**YOUR ASSIGNMENT**
Write the entries out again exactly as they stand, but without the pictures.

Data records
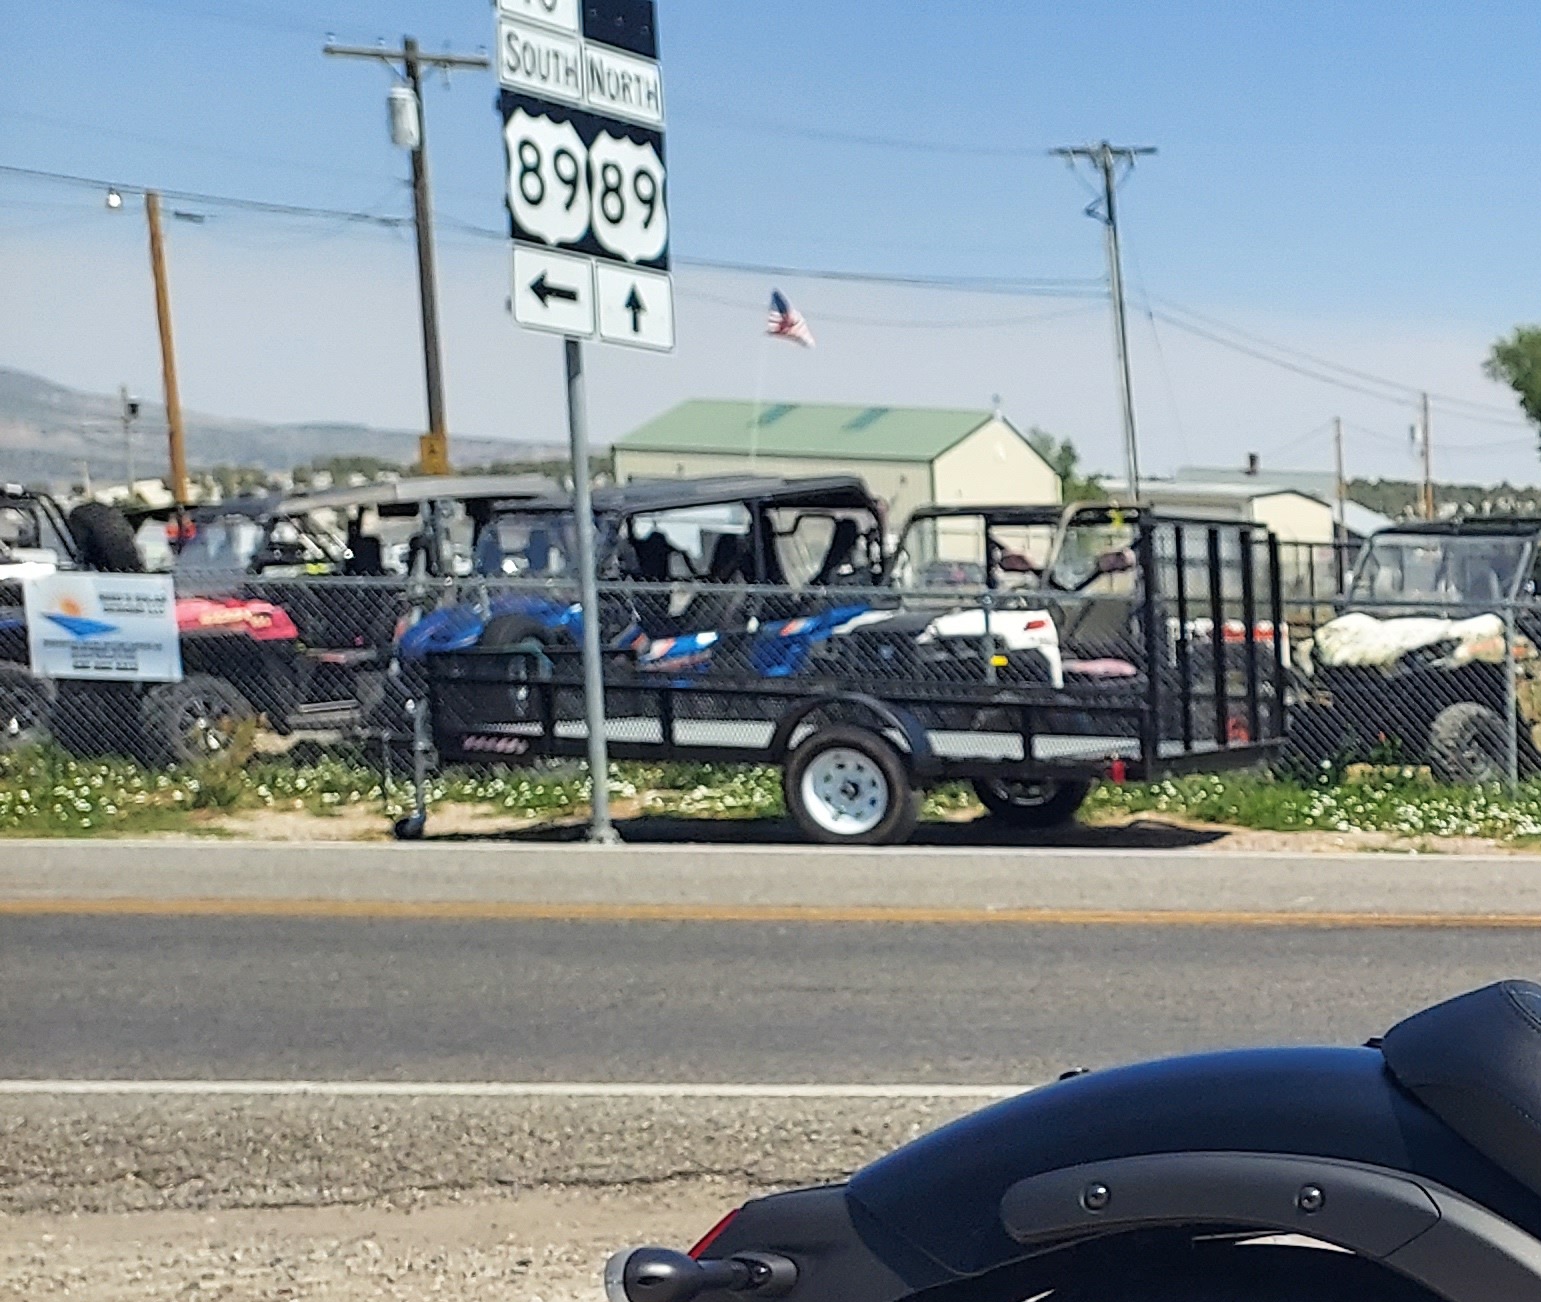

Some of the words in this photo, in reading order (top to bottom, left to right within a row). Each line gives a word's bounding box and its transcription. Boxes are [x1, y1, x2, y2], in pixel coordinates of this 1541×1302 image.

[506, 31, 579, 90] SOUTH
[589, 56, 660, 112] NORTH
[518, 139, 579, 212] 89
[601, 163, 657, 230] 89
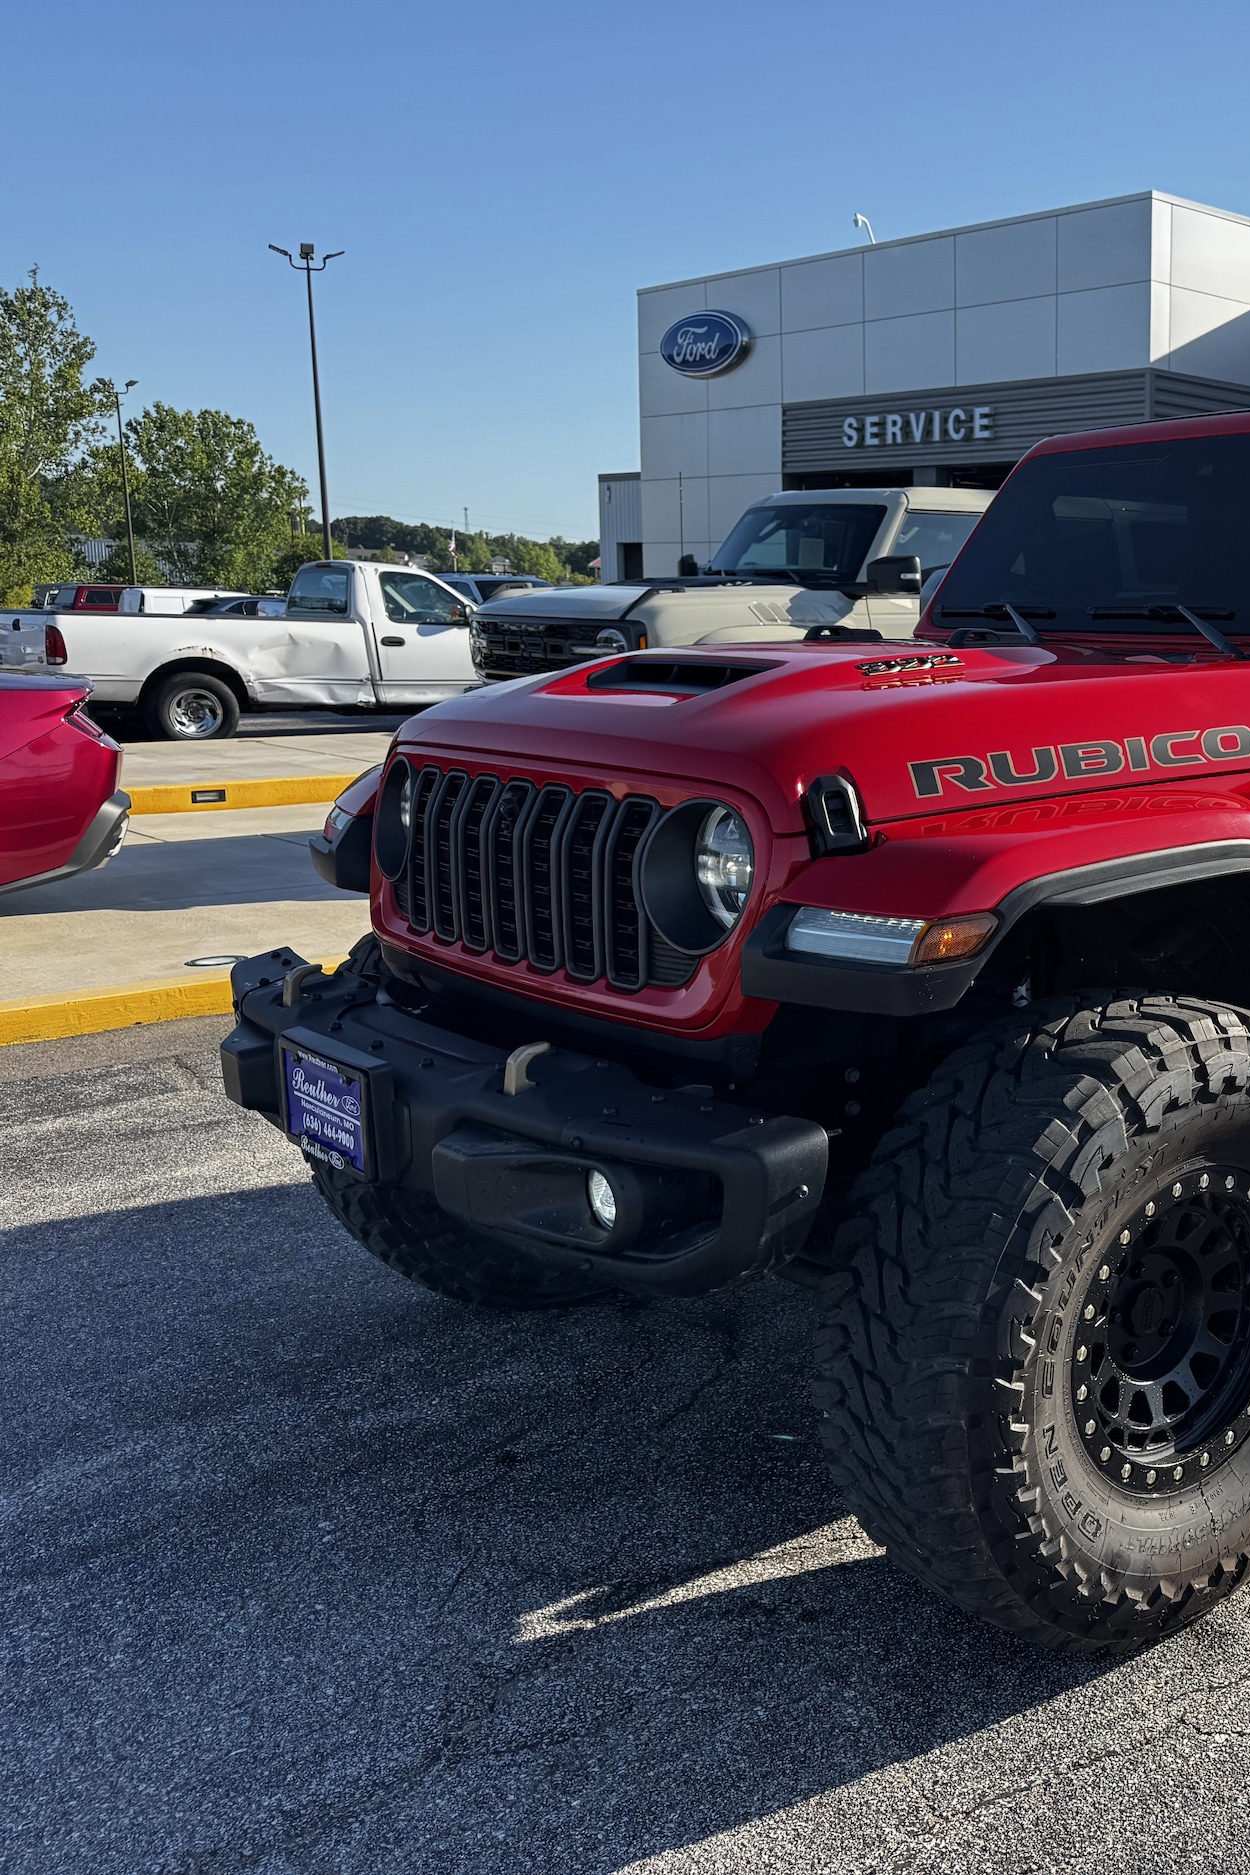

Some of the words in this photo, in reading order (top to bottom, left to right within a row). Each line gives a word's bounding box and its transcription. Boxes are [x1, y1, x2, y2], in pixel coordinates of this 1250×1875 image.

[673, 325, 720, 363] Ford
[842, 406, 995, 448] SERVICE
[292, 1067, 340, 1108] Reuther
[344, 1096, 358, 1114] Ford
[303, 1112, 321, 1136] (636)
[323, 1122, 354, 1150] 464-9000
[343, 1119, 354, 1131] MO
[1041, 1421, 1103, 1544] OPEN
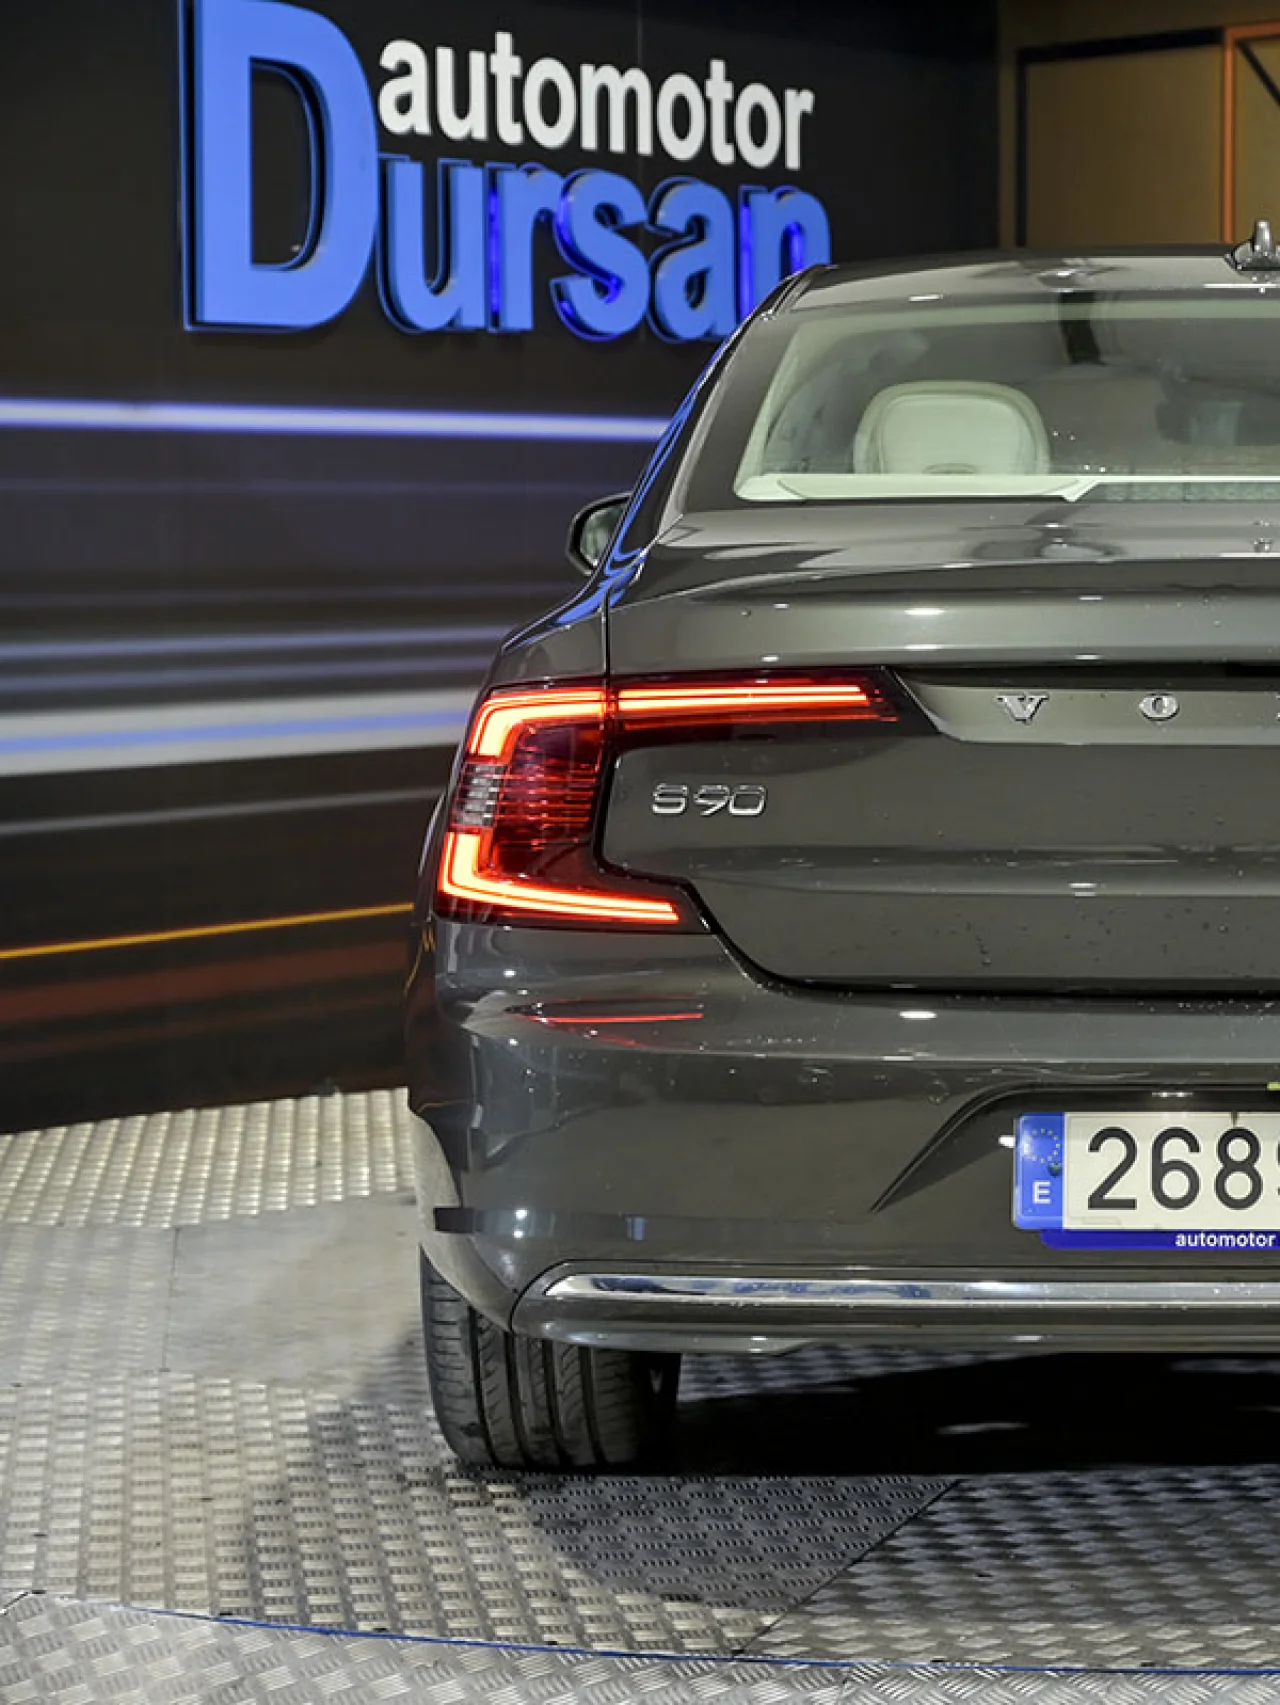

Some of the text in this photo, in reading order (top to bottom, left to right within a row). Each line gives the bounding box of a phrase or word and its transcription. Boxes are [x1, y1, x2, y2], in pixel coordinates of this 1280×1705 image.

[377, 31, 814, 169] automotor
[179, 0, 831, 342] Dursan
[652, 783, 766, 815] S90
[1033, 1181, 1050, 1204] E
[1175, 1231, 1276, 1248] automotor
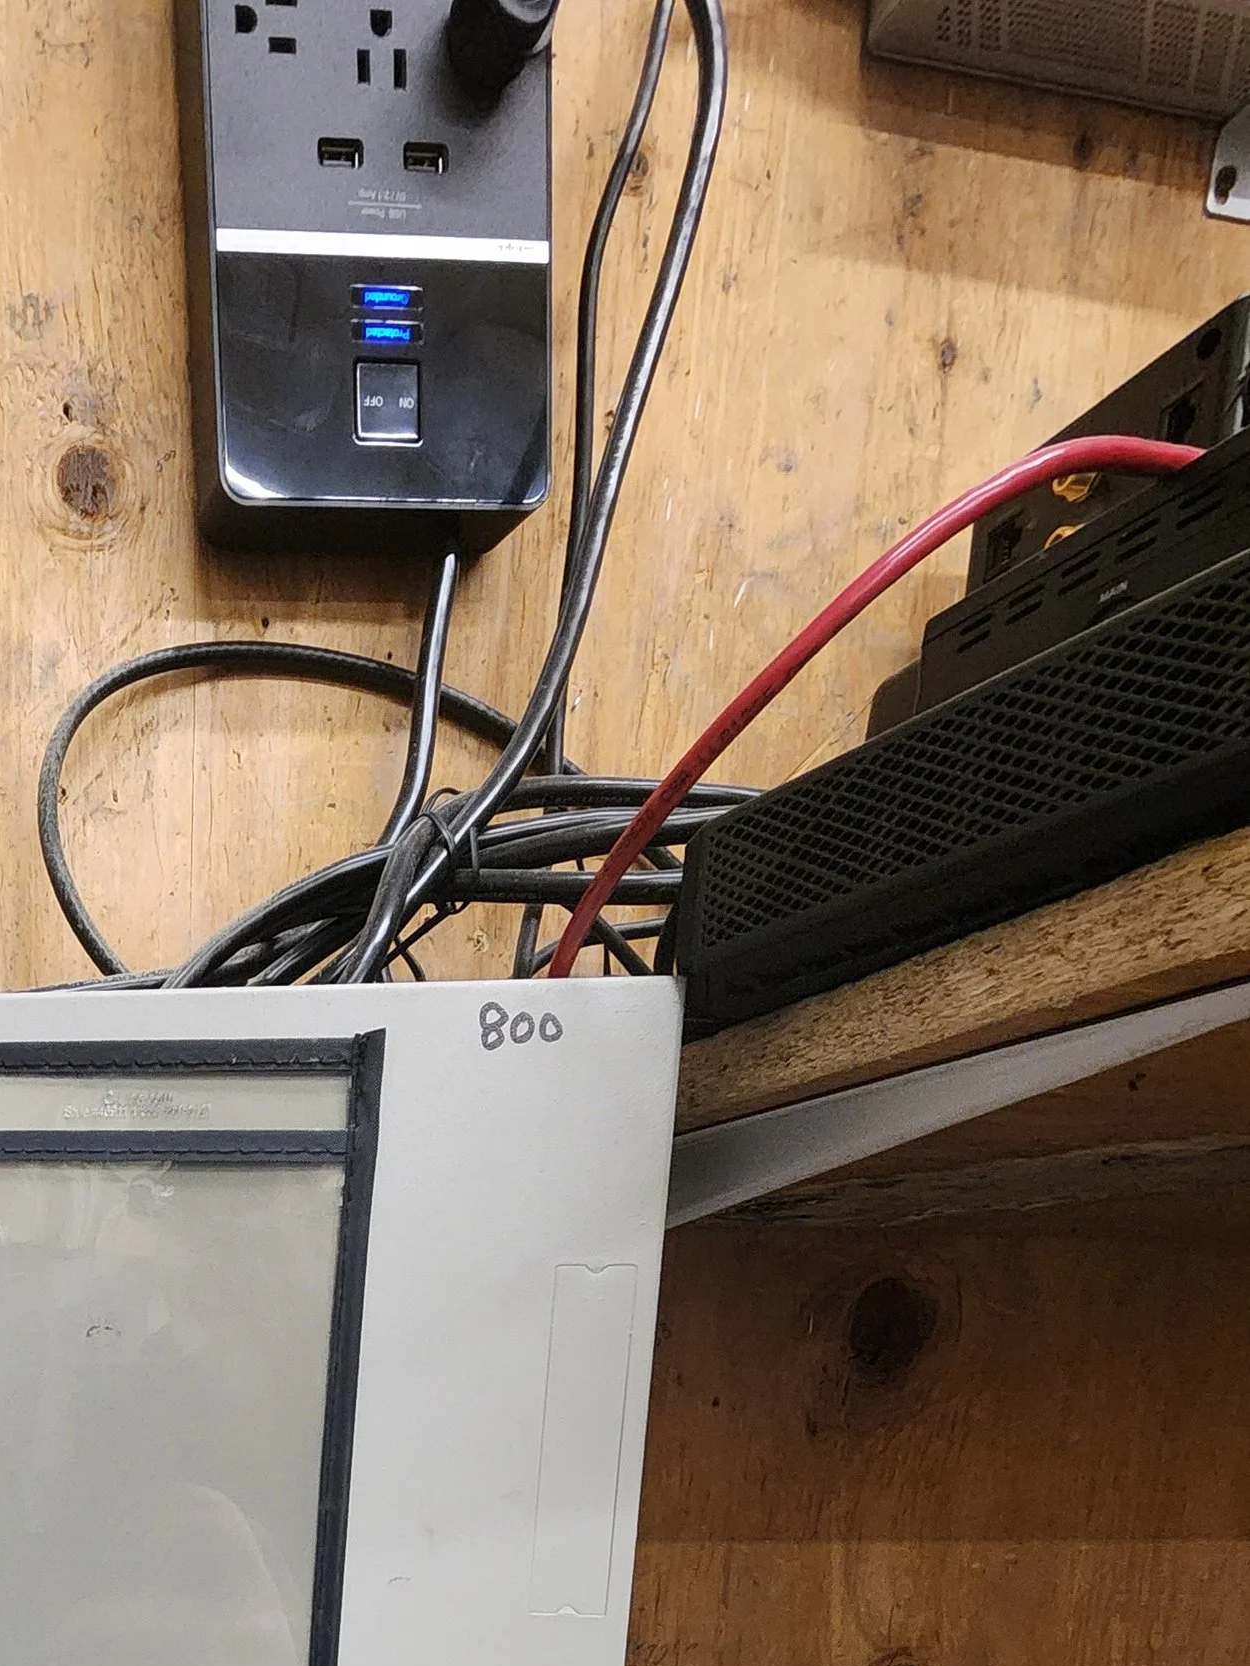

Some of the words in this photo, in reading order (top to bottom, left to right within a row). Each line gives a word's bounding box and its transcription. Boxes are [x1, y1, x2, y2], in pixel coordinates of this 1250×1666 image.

**EXERCISE OUTPUT**
Some of the words in this photo, in reading order (top to bottom, left to right within a row). Each line gives a word's bounding box and its transcription. Boxes are [x1, y1, x2, y2], in pixel coordinates of this 1541×1302 image.

[506, 31, 579, 90] SOUTH
[589, 56, 660, 112] NORTH
[518, 139, 579, 212] 89
[601, 163, 657, 230] 89

Some of the words in this photo, in reading order (top to bottom, left to right within a row). Each line gives a word's bounding box and its transcription. Boxes are [x1, y1, x2, y2], in pixel coordinates of this 1250×1875 image.

[673, 325, 720, 363] Ford
[842, 406, 995, 448] SERVICE
[292, 1067, 340, 1108] Reuther
[344, 1096, 358, 1114] Ford
[303, 1112, 321, 1136] (636)
[323, 1122, 354, 1150] 464-9000
[343, 1119, 354, 1131] MO
[1041, 1421, 1103, 1544] OPEN

Some of the text in this photo, in reading order (top to bottom, left to right within a row). Each line gives the bounding box of a phrase or word and its transcription. Boxes are [x1, y1, x2, y2], in pixel coordinates of this 1280×1705 image.

[377, 31, 814, 169] automotor
[179, 0, 831, 342] Dursan
[652, 783, 766, 815] S90
[1033, 1181, 1050, 1204] E
[1175, 1231, 1276, 1248] automotor

Some of the words in this photo, in reading order (top to bottom, left to right within a row). Each line gives a word's bounding box and its transcription. Boxes are [x1, y1, x2, y2], in pixel coordinates of this 1250×1666 image.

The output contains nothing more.